The Burden Of Borrowing: A report on the rising rates of student loan debt
2002-03-07
Executive Summary
Higher education is critical to the future success of Americans. In addition
to the inherent benefits of a higher education, a college degree is worth 75%
more than a high school diploma or more than $1,000,000 over a lifetime in the
workforce. However, as college costs continue to swell, students are increasingly
shouldering high levels of debt to pay for a college education.
Thirty-nine percent (39%)
of student borrowers now graduate with unmanageable levels of debt, meaning
that their monthly payments are more than 8% of their monthly incomes. According
to new data from the Department of Education’s National Postsecondary Student
Aid Study (NPSAS), not only are the majority of students turning to loans to
finance college, but debt levels are also escalating. In 1999-2000, 64% of students
graduated with student loan debt, and the average student loan debt has nearly
doubled over the past eight years to $16,928.
Often the students who are
most likely to graduate with debt are the same students who experience financial
hardship after graduation. In 1999-2000, 71% of students from families with
incomes less than $20,000 graduated with debt, compared to 44% of students from
families with incomes more than $100,000. In all likelihood, students from low-income
backgrounds receive limited financial assistance from and may have financial
obligations to their families after graduation.
In addition, some groups
of students are more likely to face unmanageable debt burden after graduation.
Fifty-five percent (55%) of African-American student borrowers and 58% of Hispanic
student borrowers graduated with unmanageable debt burden.
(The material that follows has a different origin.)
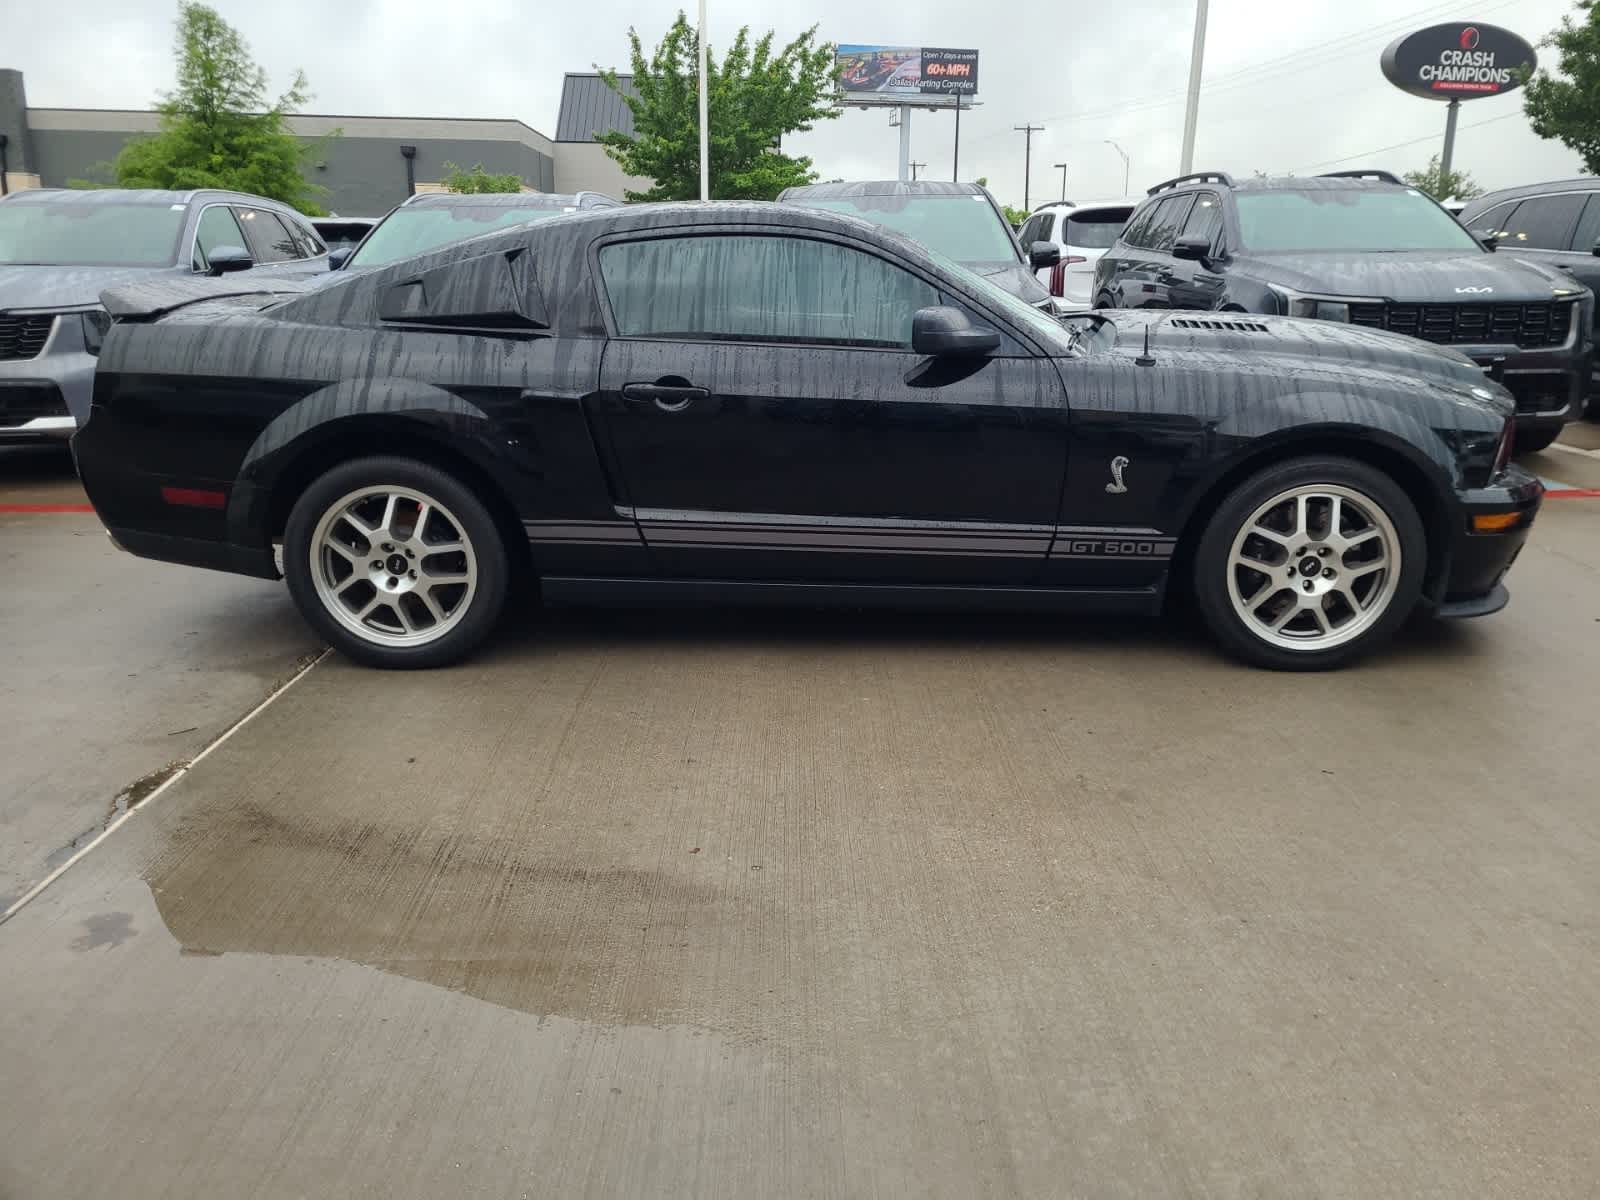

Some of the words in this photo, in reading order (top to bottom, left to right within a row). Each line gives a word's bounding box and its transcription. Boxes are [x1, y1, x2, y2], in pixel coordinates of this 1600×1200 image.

Data also suggest that Pell
grant funding impacts borrowing trends among low-income students. Over the past
decade, when Pell grant funding was cut, the percentage of low-income students
who borrowed and the average debt among these students increased. In contrast,
in recent years, when Congress increased Pell grant funding, the percentage
of low-income students who borrowed stabilized, while growth in the average
debt among these students slowed.
There are several possible
explanations for increases in student borrowing. First, the strength of the
Pell grant has declined from covering 84% of tuition at a four-year public institution
in 1975-76 to 39% today. 1 While Congress has increased funding in recent years,
the Pell grant maximum has not been able to keep up with inflation and rising
tuition costs. As a result, low-income students are forced to borrow to cover
that unmet need. Second, wealthy families may be shifting more of the cost of
college from savings to student loans. Also, as tuition increases faster than
inflation and median income, students overall are facing increasing levels of
need.
We need to look for solutions
that make college more affordable and protect students from unmanageable debt
burden. Congress should increase grant aid funding, reduce the cost of student
loans, and provide flexibility within the student loan program to help make
college more affordable for all Americans.